TASK PROMPT:
Only the text is wanted; write out each record below exactly and exclude all pictures.

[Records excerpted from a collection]

Content starts

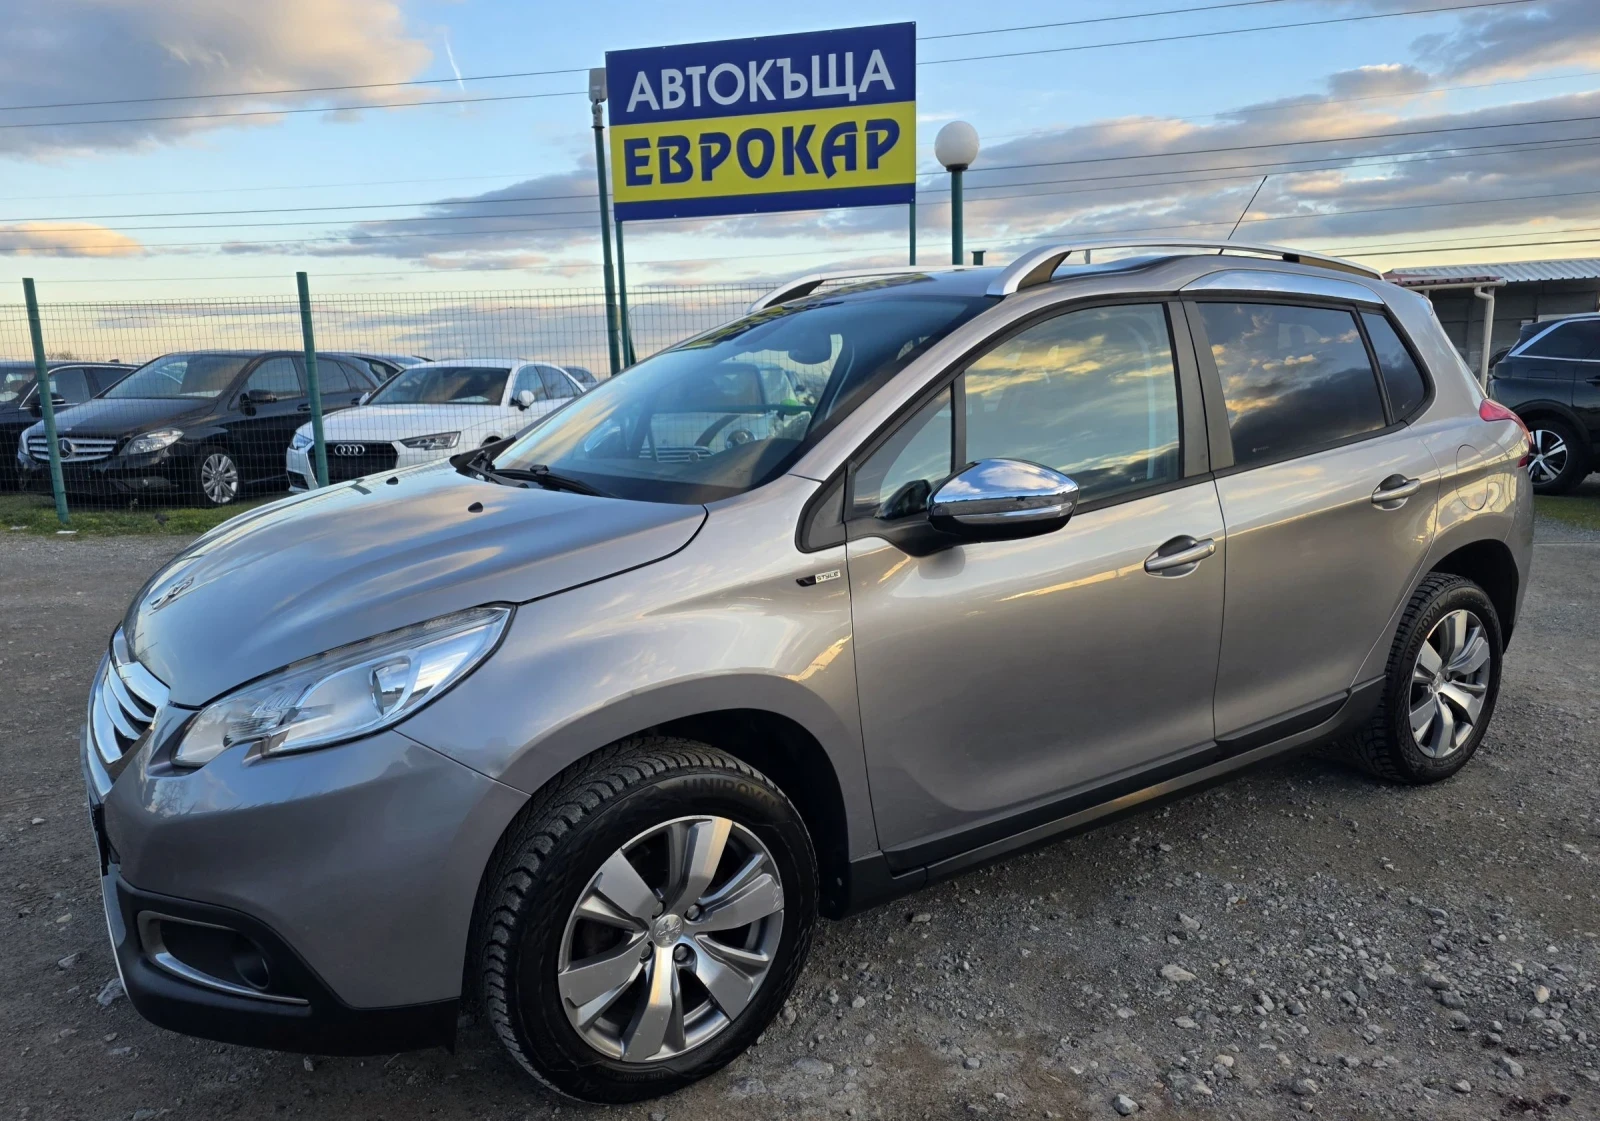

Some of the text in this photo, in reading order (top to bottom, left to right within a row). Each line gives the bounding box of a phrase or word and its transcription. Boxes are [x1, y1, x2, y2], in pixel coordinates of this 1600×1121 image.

[626, 49, 896, 112] АВТОКЪЩА
[623, 118, 900, 187] ЕВРОКАР
[816, 571, 839, 582] STYLE
[1407, 602, 1442, 660] UNIROYAL
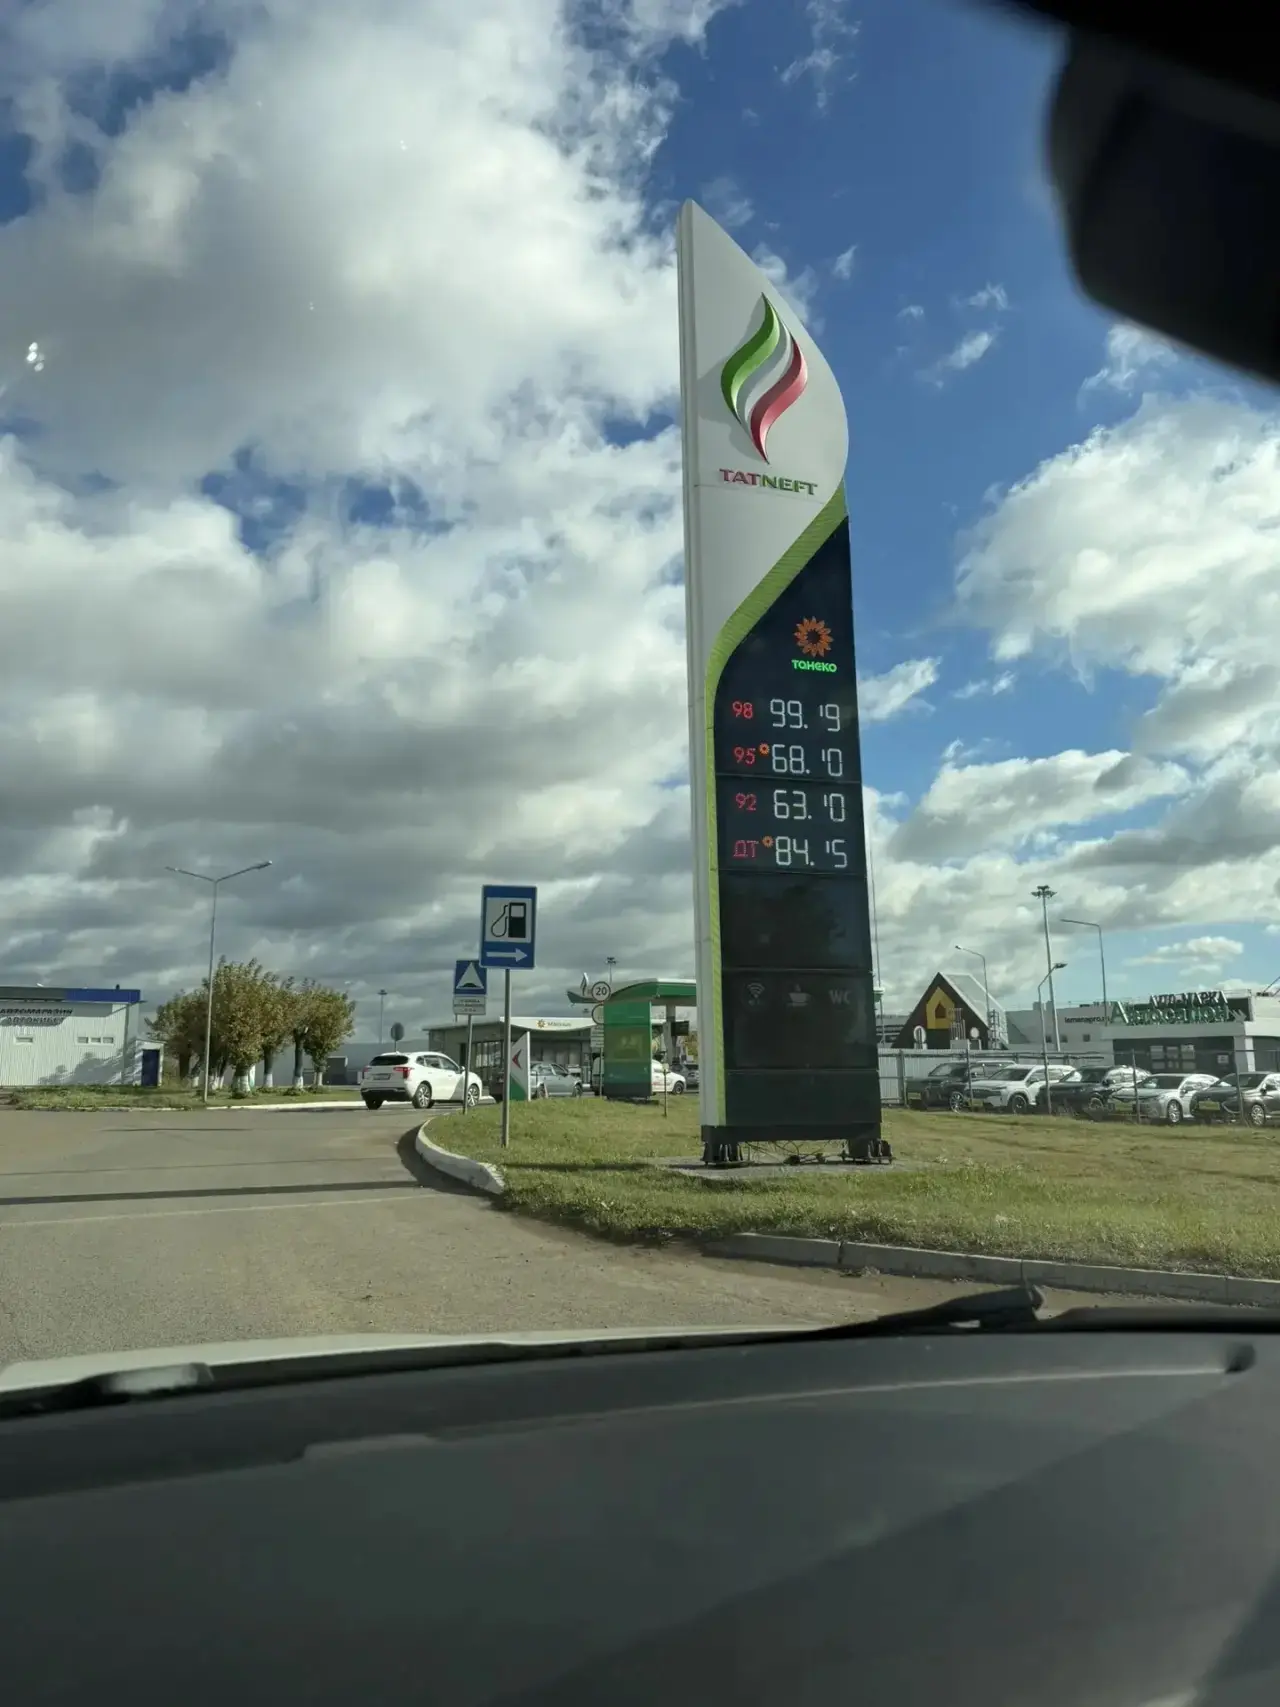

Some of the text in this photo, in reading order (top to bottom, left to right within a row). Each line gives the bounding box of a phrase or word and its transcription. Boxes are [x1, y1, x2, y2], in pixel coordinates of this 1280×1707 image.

[719, 469, 818, 495] TATNEFT
[732, 701, 753, 719] 98
[734, 746, 756, 765] 95
[735, 792, 757, 811] 92
[733, 839, 759, 858] ДТ
[595, 986, 608, 996] 20
[828, 989, 852, 1005] WC
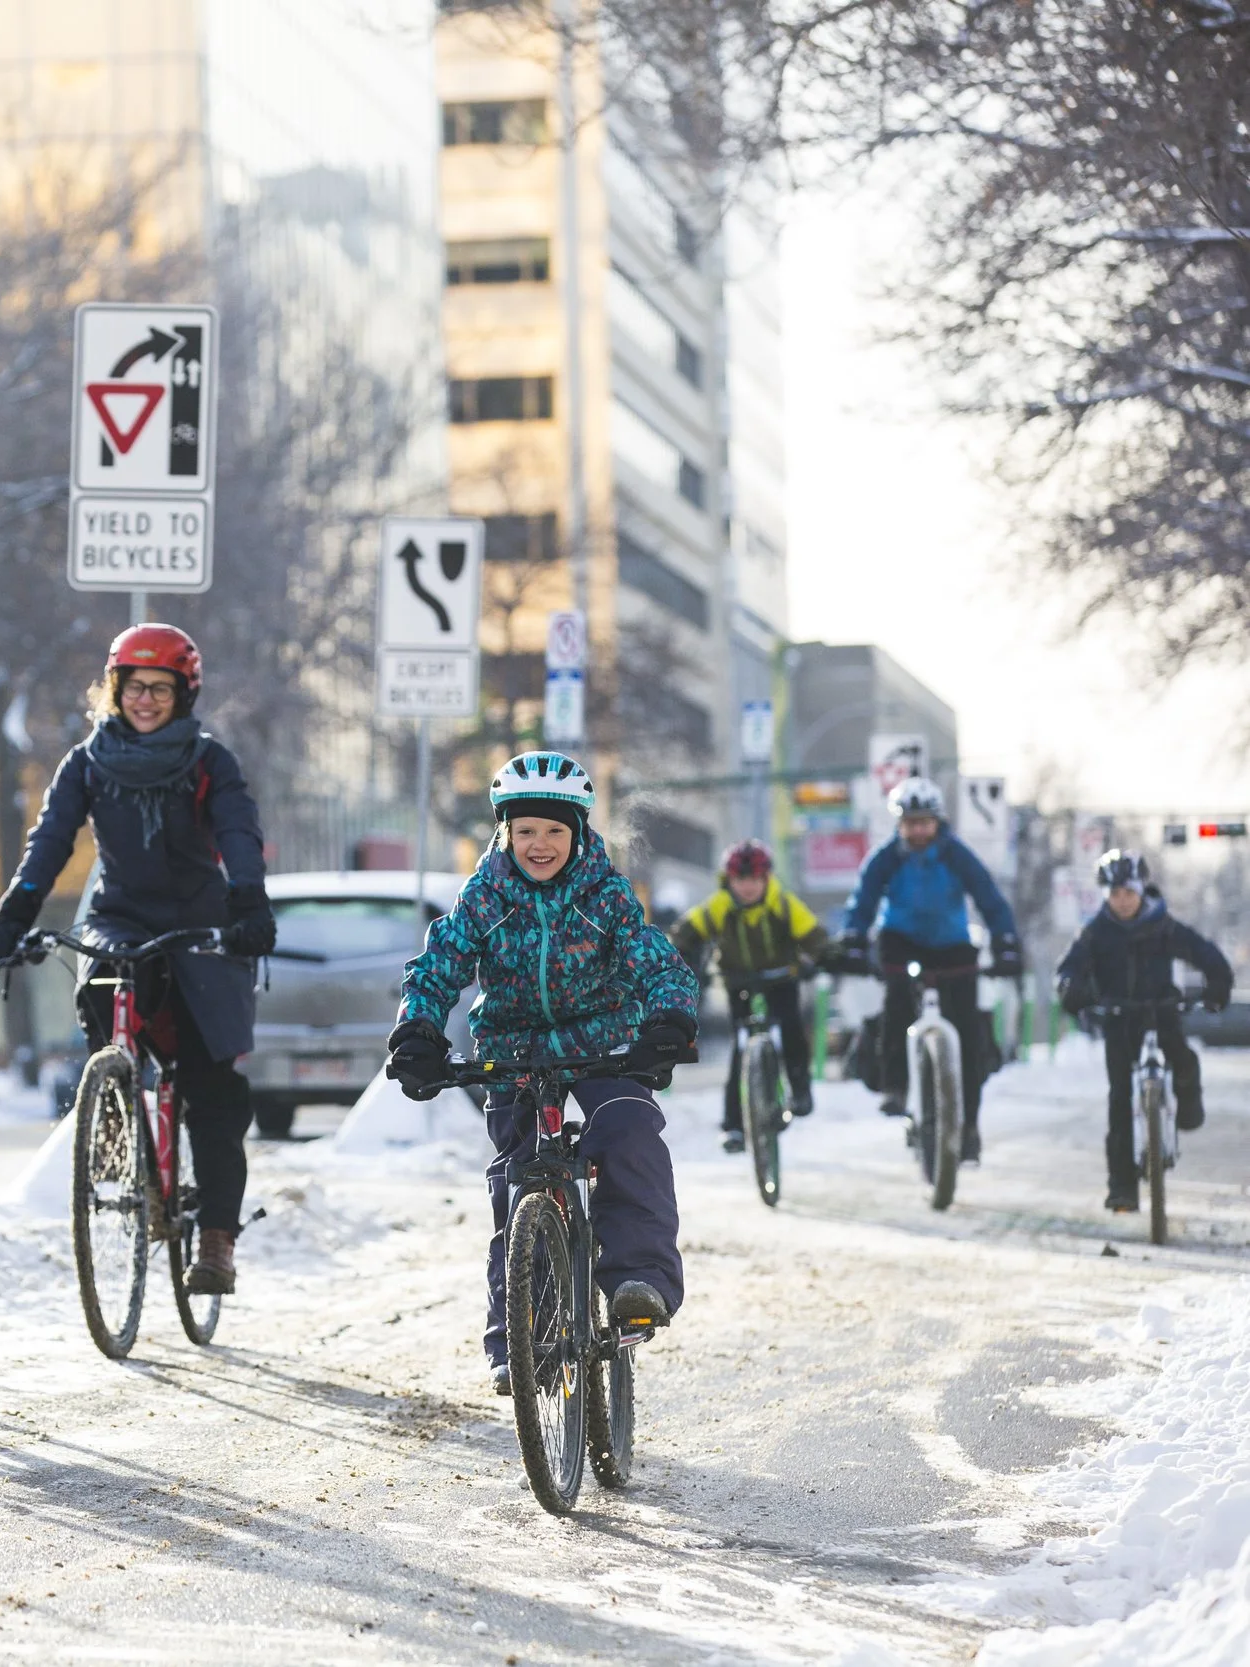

Content ends

YOUR RESPONSE:
Some of the text in this photo, in reading order (top to bottom, left to right within a row). Each line gives the bounding box of a phrase or word and its transcription. Boxes are [x1, y1, x2, y2], in pixel coordinates of this 1600×1121 image.

[626, 49, 896, 112] АВТОКЪЩА
[623, 118, 900, 187] ЕВРОКАР
[816, 571, 839, 582] STYLE
[1407, 602, 1442, 660] UNIROYAL

Some of the text in this photo, in reading order (top to bottom, left to right within a row). Each line gives the bounding box of a phrase or word and its transcription. Boxes are [x1, y1, x2, y2], in pixel coordinates of this 1280×1707 image.

[719, 469, 818, 495] TATNEFT
[732, 701, 753, 719] 98
[734, 746, 756, 765] 95
[735, 792, 757, 811] 92
[733, 839, 759, 858] ДТ
[595, 986, 608, 996] 20
[828, 989, 852, 1005] WC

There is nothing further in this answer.